WORK TO BE COMPLETED: Skip the pictures, and retype the data below in full, exactly.

*** Opening of SOURCE MATERIAL ***

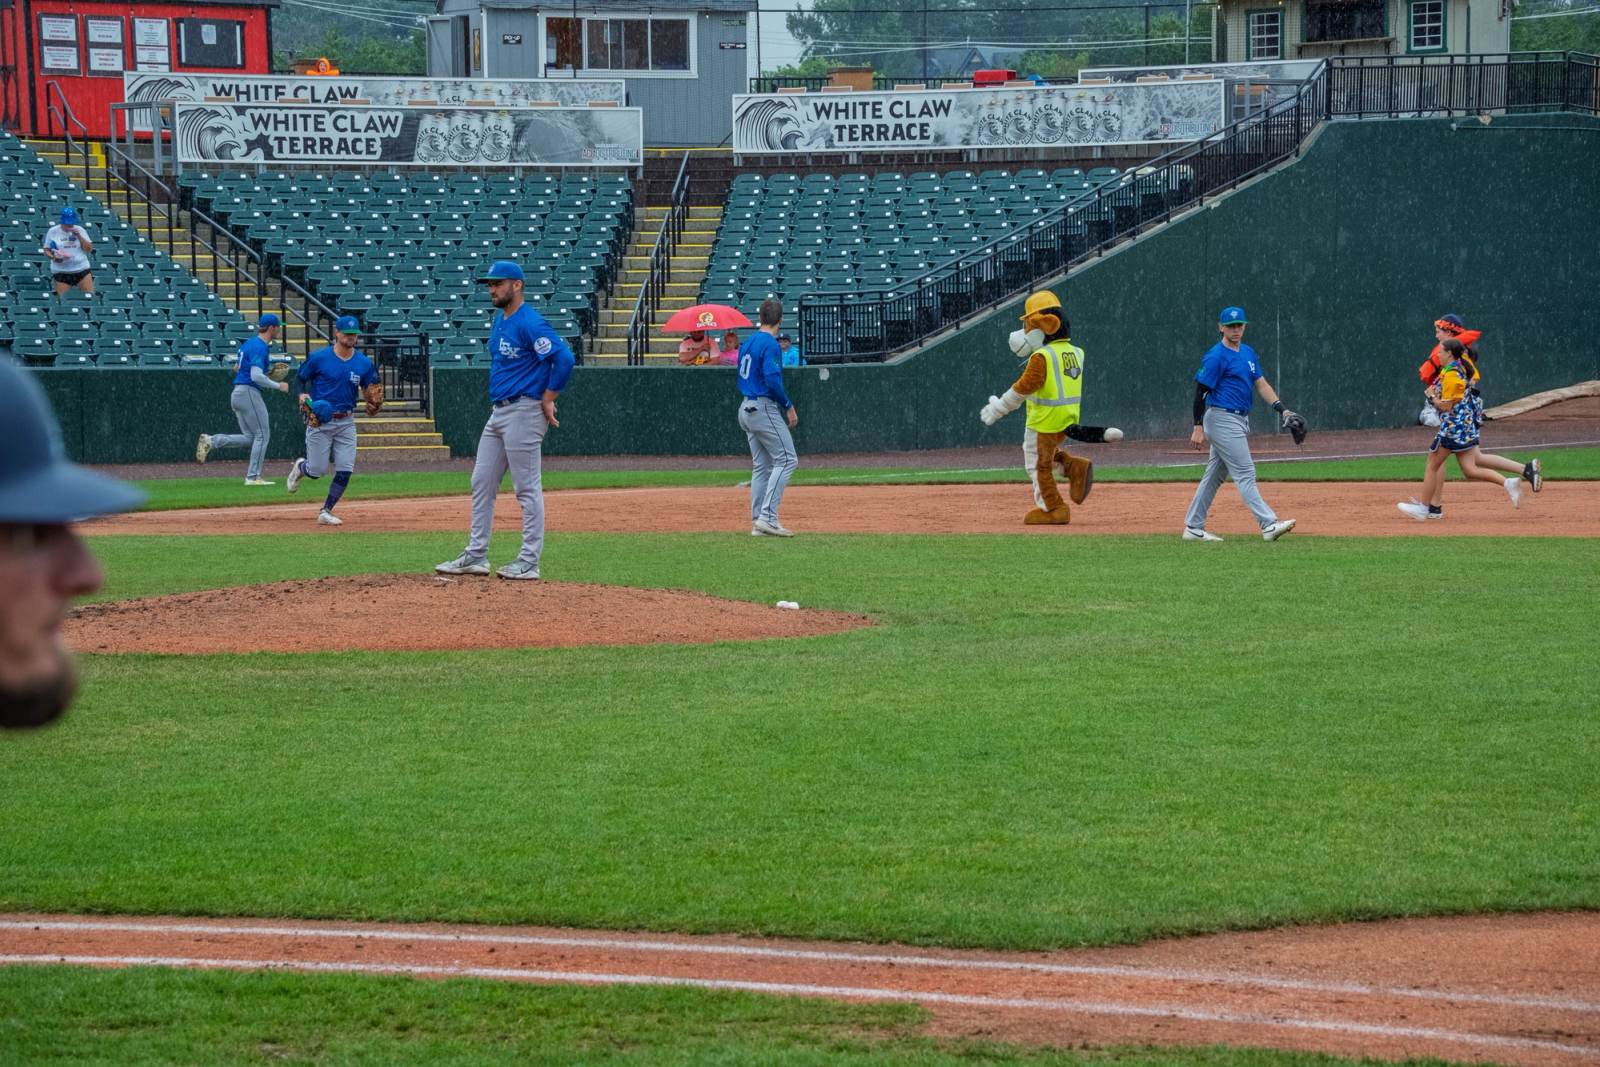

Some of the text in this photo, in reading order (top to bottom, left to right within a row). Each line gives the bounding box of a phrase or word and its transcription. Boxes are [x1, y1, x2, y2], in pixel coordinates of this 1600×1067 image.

[212, 83, 358, 103] WHITE CLAW
[813, 99, 952, 120] WHITE CLAW
[250, 112, 400, 134] WHITE CLAW
[834, 122, 931, 142] TERRACE
[274, 135, 378, 156] TERRACE
[739, 354, 752, 380] 0
[1062, 352, 1080, 369] 811
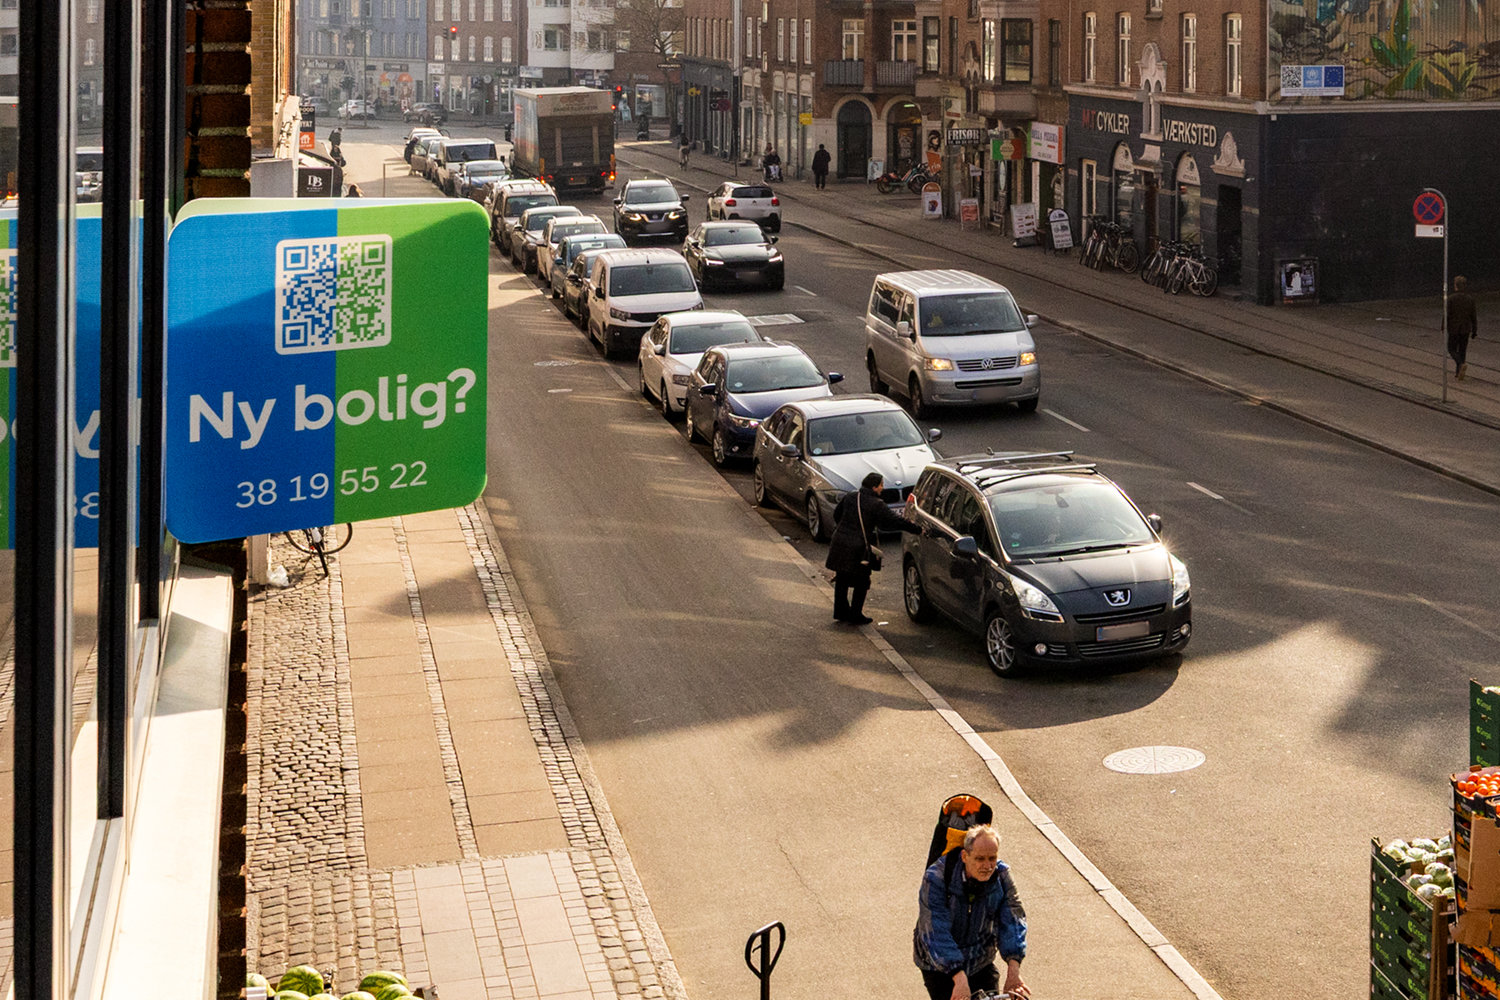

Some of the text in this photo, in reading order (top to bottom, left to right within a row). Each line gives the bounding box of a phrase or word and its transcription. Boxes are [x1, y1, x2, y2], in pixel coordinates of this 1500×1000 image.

[947, 129, 980, 140] FRISØR
[1096, 111, 1130, 135] CYKLER
[1163, 119, 1217, 148] VÆRKSTED
[189, 368, 477, 450] Ny bolig?
[235, 460, 428, 508] 38 19 55 22

*** Close of SOURCE MATERIAL ***

SOLUTION TO THE EXERCISE:
Some of the text in this photo, in reading order (top to bottom, left to right within a row). Each line gives the bounding box of a phrase or word and its transcription. Boxes are [x1, y1, x2, y2], in pixel coordinates of this 1600×1067 image.

[212, 83, 358, 103] WHITE CLAW
[813, 99, 952, 120] WHITE CLAW
[250, 112, 400, 134] WHITE CLAW
[834, 122, 931, 142] TERRACE
[274, 135, 378, 156] TERRACE
[739, 354, 752, 380] 0
[1062, 352, 1080, 369] 811

Some of the text in this photo, in reading order (top to bottom, left to right within a row). Each line gives the bounding box of a phrase or word and its transcription. Boxes are [x1, y1, x2, y2], in pixel coordinates of this 1500×1000 image.

[947, 129, 980, 140] FRISØR
[1096, 111, 1130, 135] CYKLER
[1163, 119, 1217, 148] VÆRKSTED
[189, 368, 477, 450] Ny bolig?
[235, 460, 428, 508] 38 19 55 22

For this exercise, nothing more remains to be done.